-- Exercise --
The answer must be an exact copy of the entries below, with no images in it.

>>>

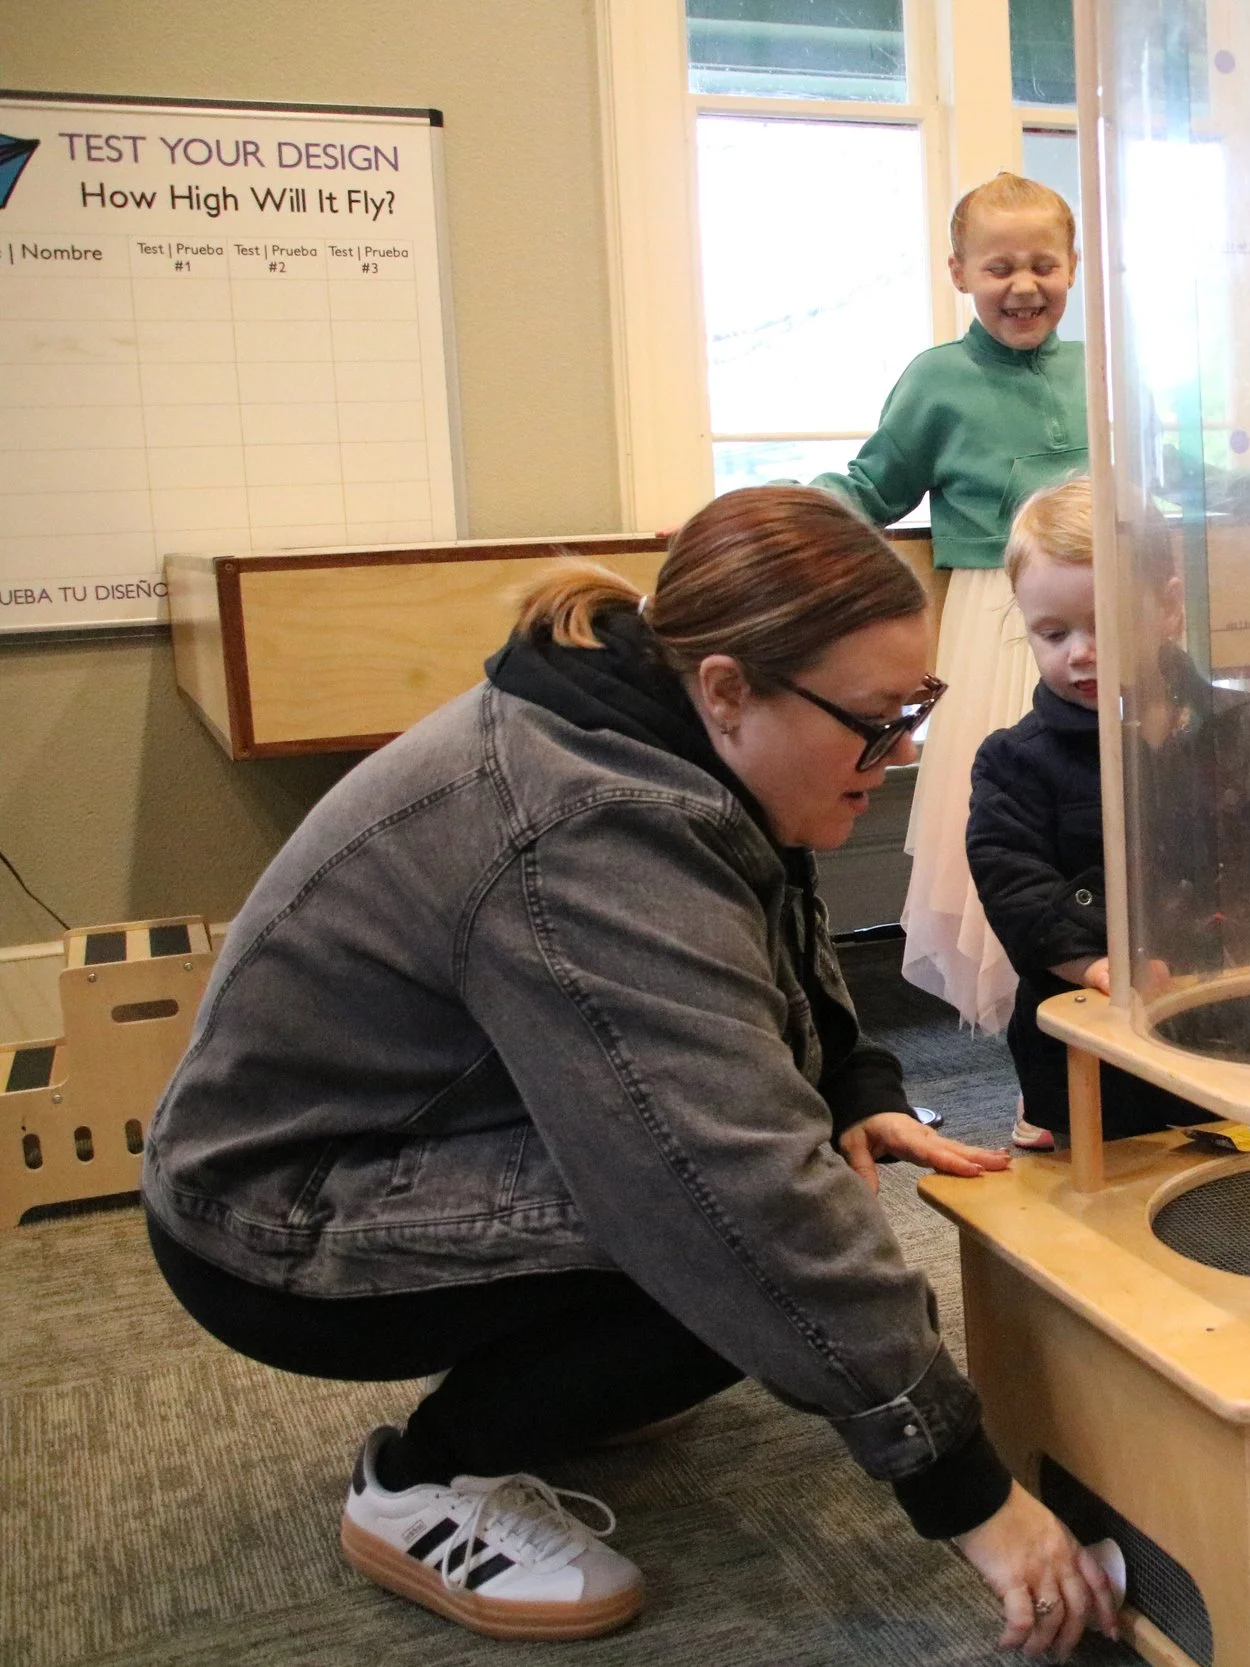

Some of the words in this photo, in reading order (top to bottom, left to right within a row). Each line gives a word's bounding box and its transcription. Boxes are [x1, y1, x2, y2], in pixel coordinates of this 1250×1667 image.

[58, 133, 147, 163] TEST
[159, 137, 266, 168] YOUR
[277, 142, 399, 172] DESIGN
[81, 182, 157, 209] How
[170, 185, 239, 218] High
[250, 187, 307, 213] Will
[318, 189, 339, 214] It
[347, 190, 395, 222] Fly?
[21, 243, 103, 261] Nombre
[137, 242, 164, 255] Test
[176, 243, 224, 256] Prueba
[234, 244, 261, 256] Test
[272, 245, 318, 257] Prueba
[328, 246, 354, 257] Test
[365, 246, 409, 258] Prueba
[174, 261, 191, 272] #1
[269, 262, 287, 273] #2
[361, 263, 379, 274] #3
[58, 586, 87, 602] TU
[95, 580, 169, 600] DISEÑO

<<<

-- Finished exercise --
Some of the words in this photo, in reading order (top to bottom, left to right within a row). Each line gives a word's bounding box and its transcription. Boxes are [x1, y1, x2, y2], in pixel coordinates of this 1250×1667 image.

[58, 133, 147, 163] TEST
[159, 137, 266, 168] YOUR
[277, 142, 399, 172] DESIGN
[81, 182, 157, 209] How
[170, 185, 239, 218] High
[250, 187, 307, 213] Will
[318, 189, 339, 214] It
[347, 190, 395, 222] Fly?
[21, 243, 103, 261] Nombre
[137, 242, 164, 255] Test
[176, 243, 224, 256] Prueba
[234, 244, 261, 256] Test
[272, 245, 318, 257] Prueba
[328, 246, 354, 257] Test
[365, 246, 409, 258] Prueba
[174, 261, 191, 272] #1
[269, 262, 287, 273] #2
[361, 263, 379, 274] #3
[58, 586, 87, 602] TU
[95, 580, 169, 600] DISEÑO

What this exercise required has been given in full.